Description of the task —
Print everything in the records exactly. Leave the pictures out.

Source information —
==*==
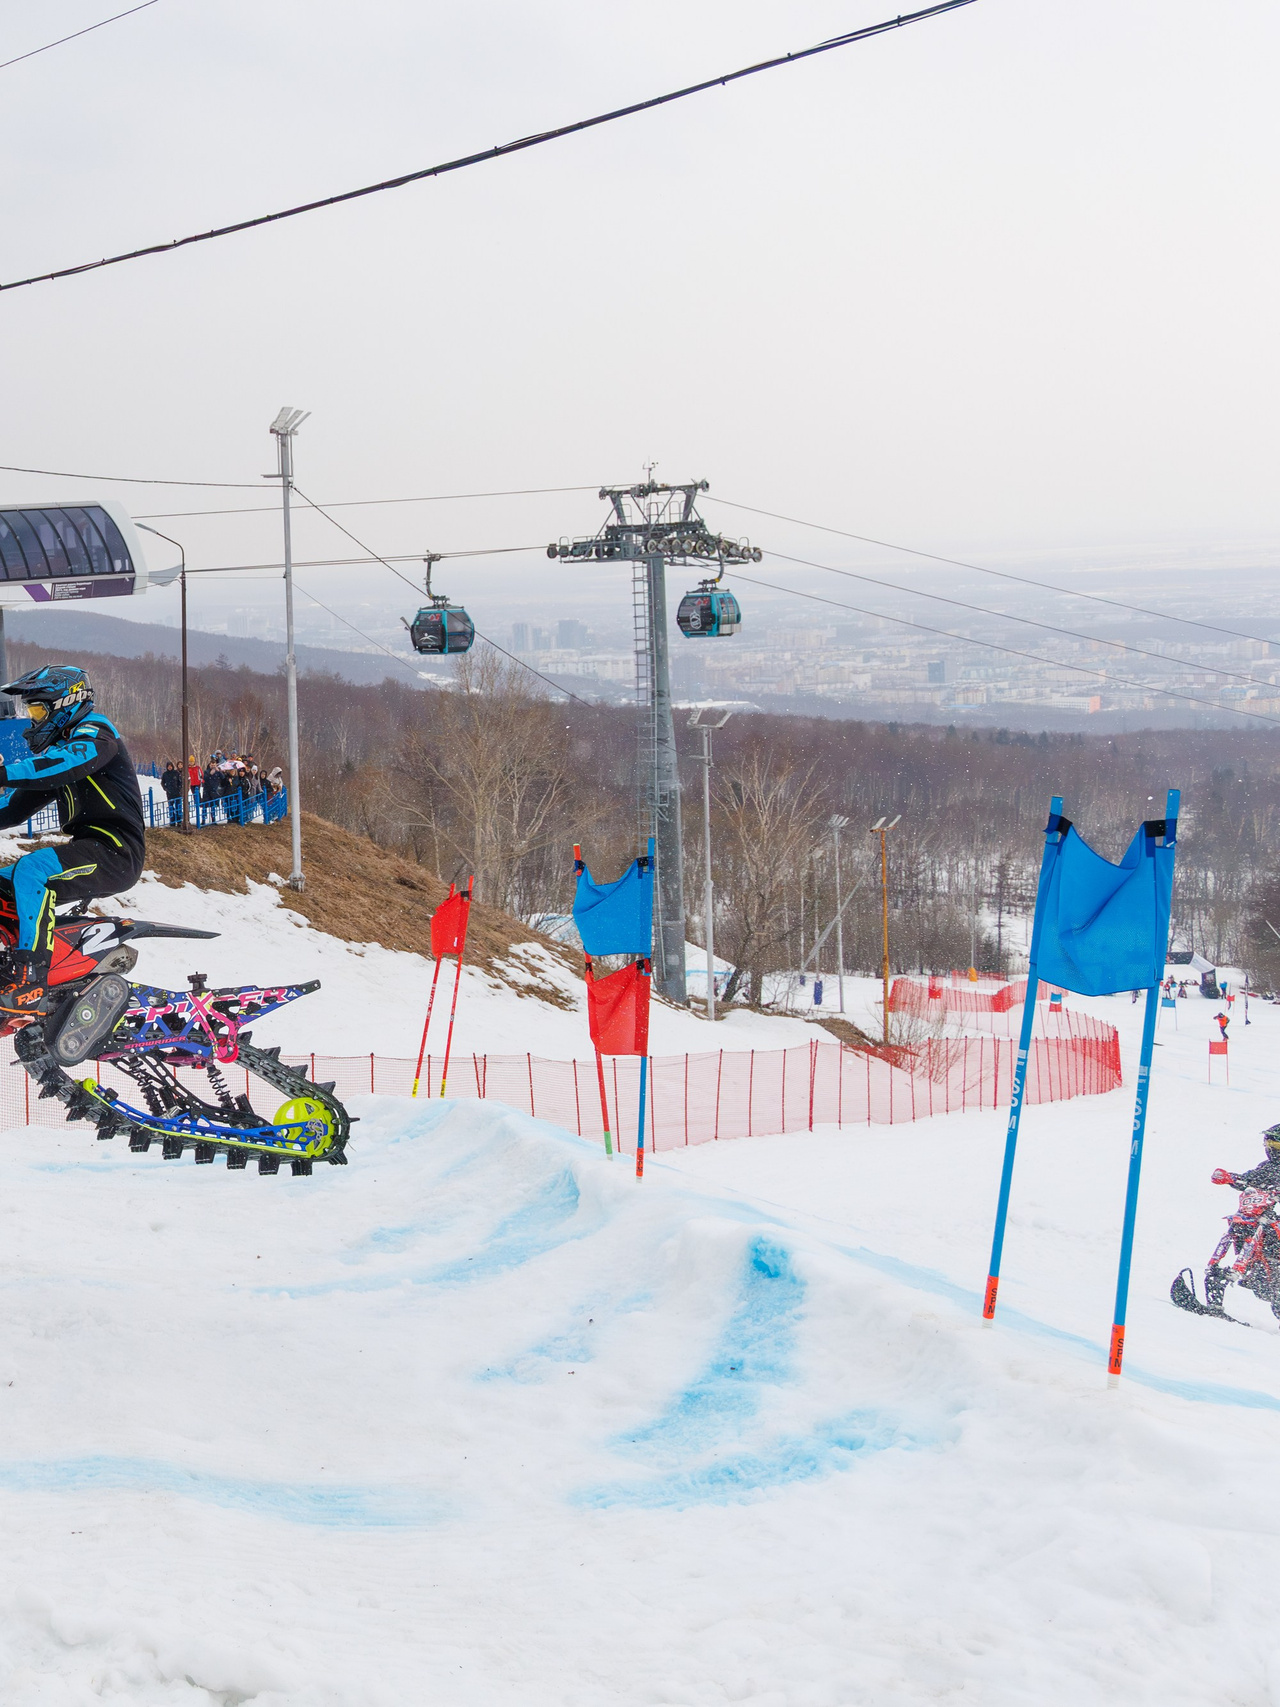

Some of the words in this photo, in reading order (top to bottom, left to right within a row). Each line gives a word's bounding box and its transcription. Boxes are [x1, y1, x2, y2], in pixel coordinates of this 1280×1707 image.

[53, 689, 95, 710] 100%
[81, 922, 120, 956] 2
[15, 987, 44, 1006] FXR
[123, 1035, 187, 1050] SNOWRIDER
==*==
Exercise response —
Some of the words in this photo, in reading order (top to bottom, left to right within a row). Each line gives a word's bounding box and its transcription. Boxes are [x1, y1, x2, y2], in pixel coordinates of this 1280×1707 image.

[53, 689, 95, 710] 100%
[81, 922, 120, 956] 2
[15, 987, 44, 1006] FXR
[123, 1035, 187, 1050] SNOWRIDER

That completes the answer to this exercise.